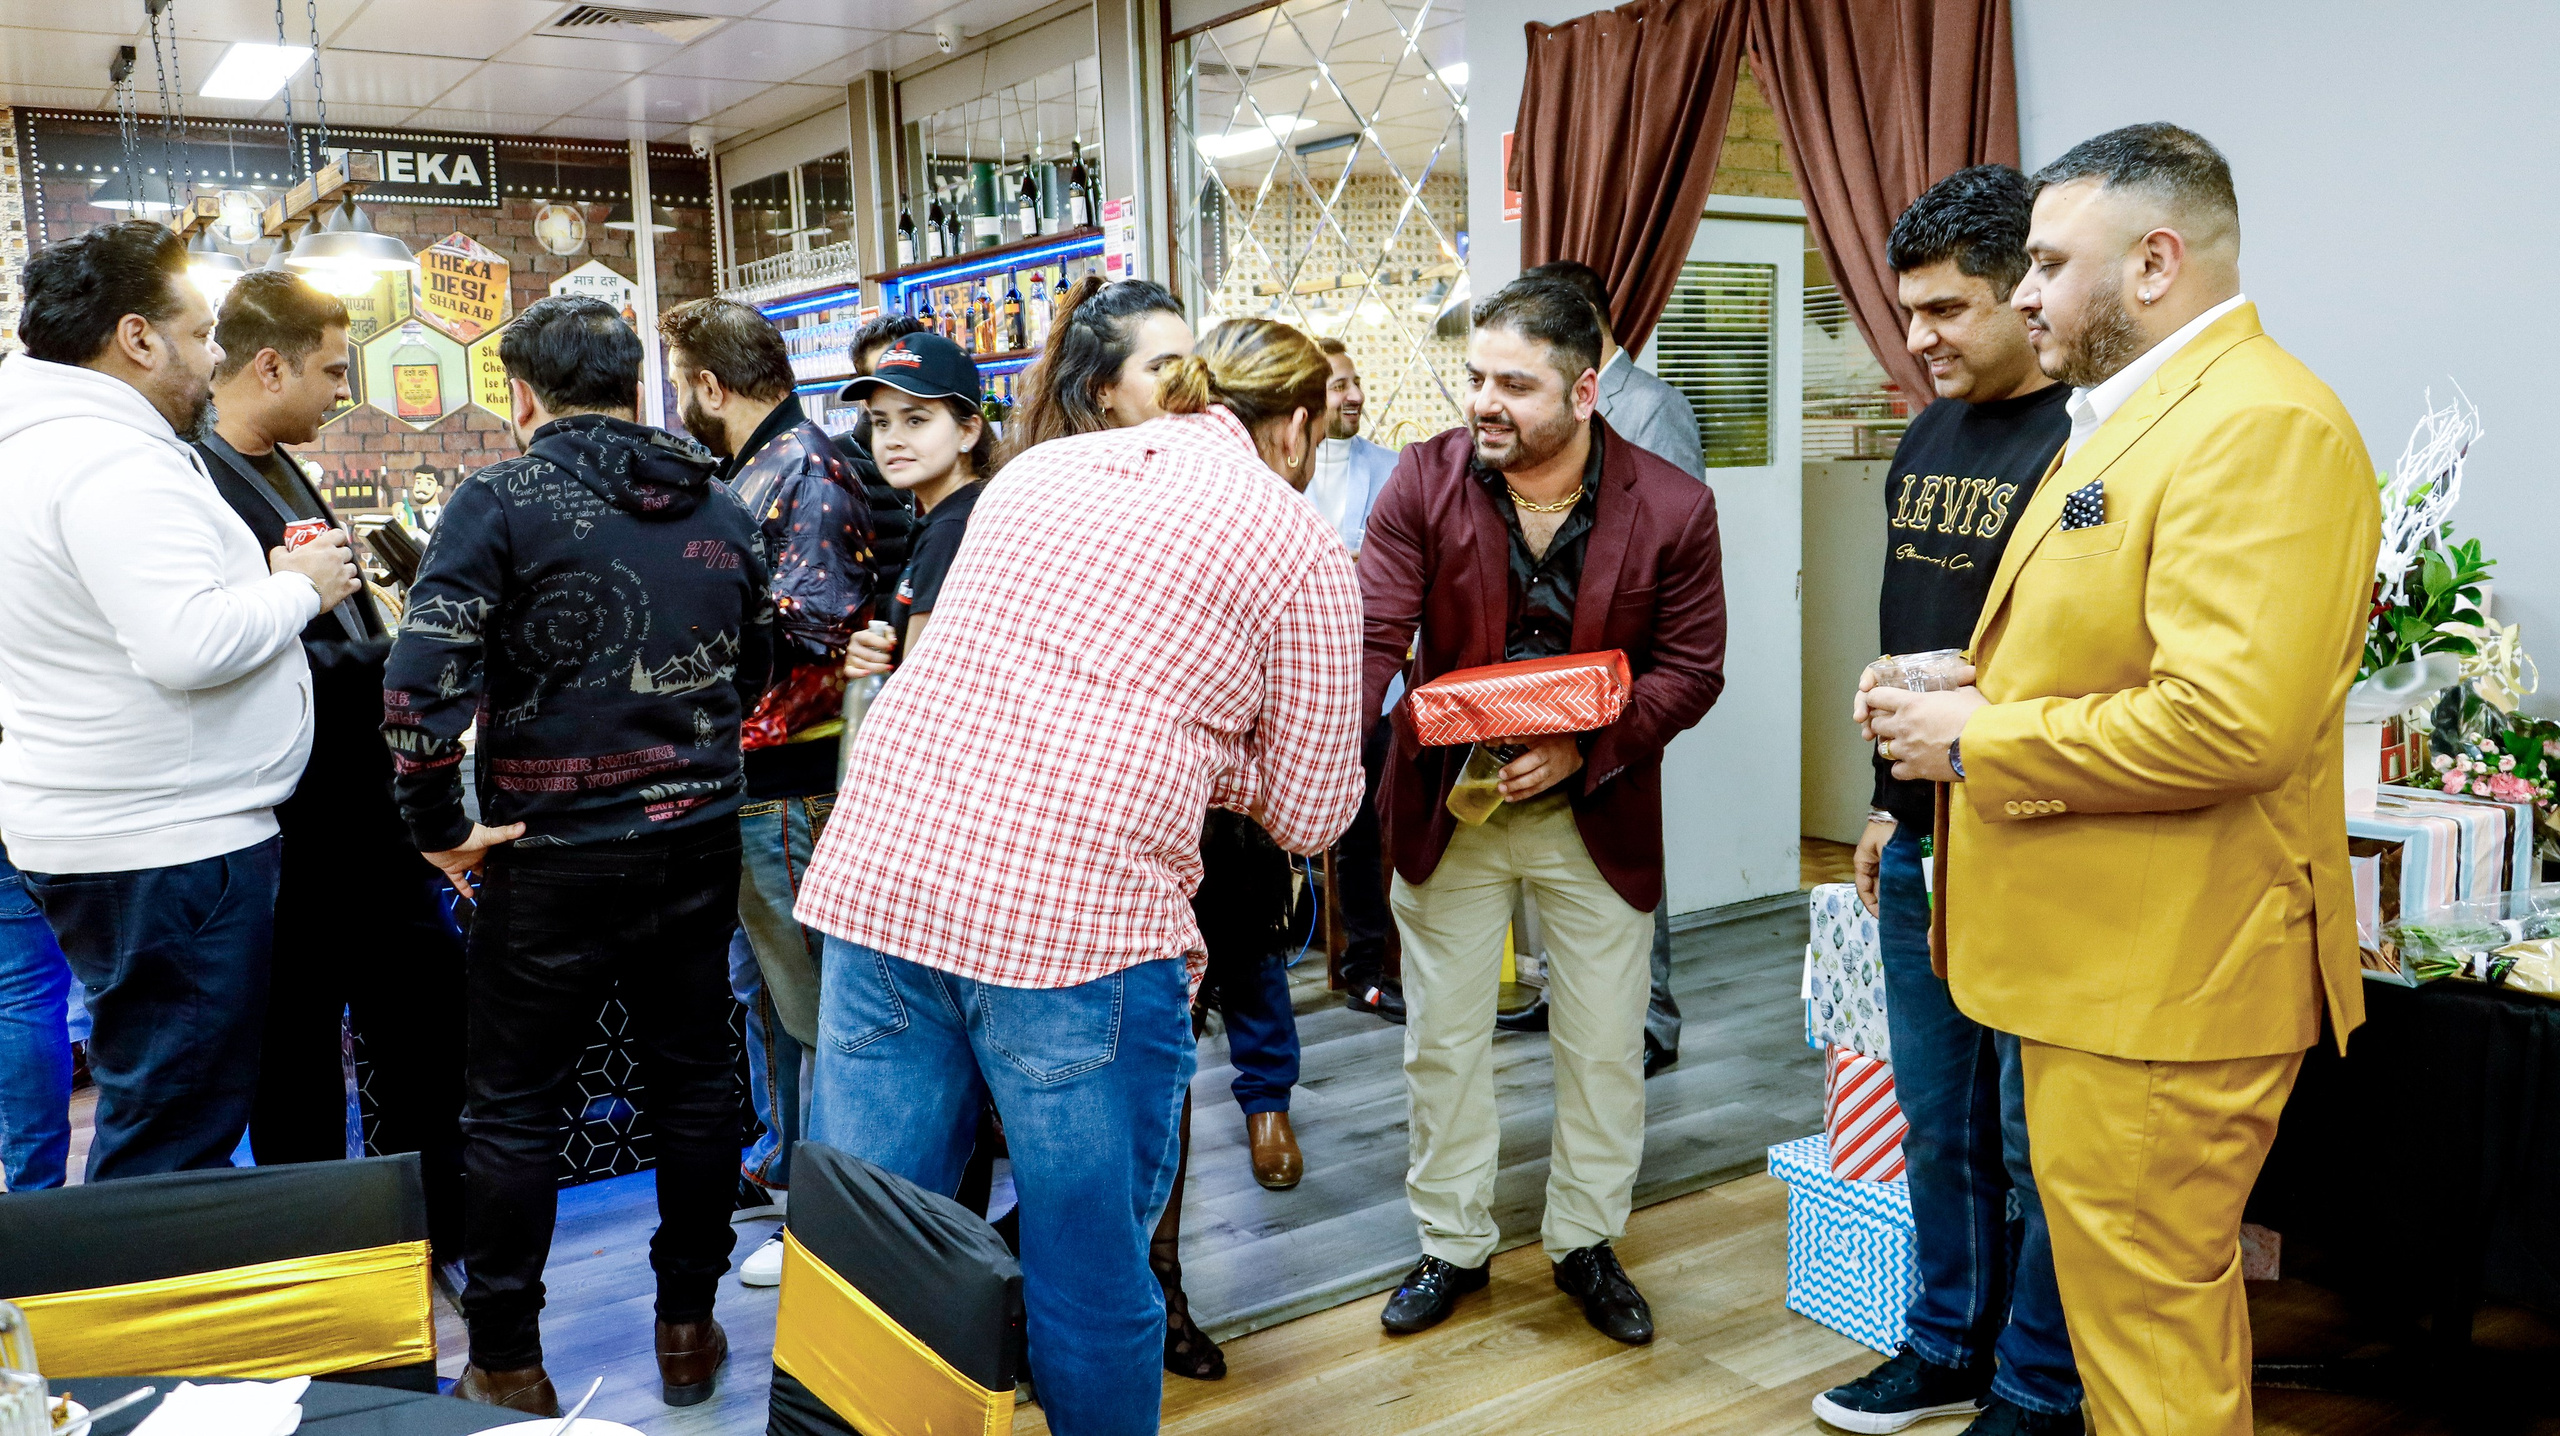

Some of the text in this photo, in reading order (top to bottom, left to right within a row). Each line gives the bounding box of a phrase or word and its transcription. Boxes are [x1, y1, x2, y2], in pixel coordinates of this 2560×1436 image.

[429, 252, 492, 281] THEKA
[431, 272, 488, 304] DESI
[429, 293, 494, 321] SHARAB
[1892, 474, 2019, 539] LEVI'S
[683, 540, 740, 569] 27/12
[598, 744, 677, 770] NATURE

> **Work item**:
Since only the text is wanted, repeat all the records above exactly and omit the pictures.

> **Expected output**:
Some of the text in this photo, in reading order (top to bottom, left to right within a row). Each line gives the bounding box of a phrase or word and its transcription. Boxes are [x1, y1, x2, y2], in pixel coordinates of this 2560×1436 image.

[429, 252, 492, 281] THEKA
[431, 272, 488, 304] DESI
[429, 293, 494, 321] SHARAB
[1892, 474, 2019, 539] LEVI'S
[683, 540, 740, 569] 27/12
[598, 744, 677, 770] NATURE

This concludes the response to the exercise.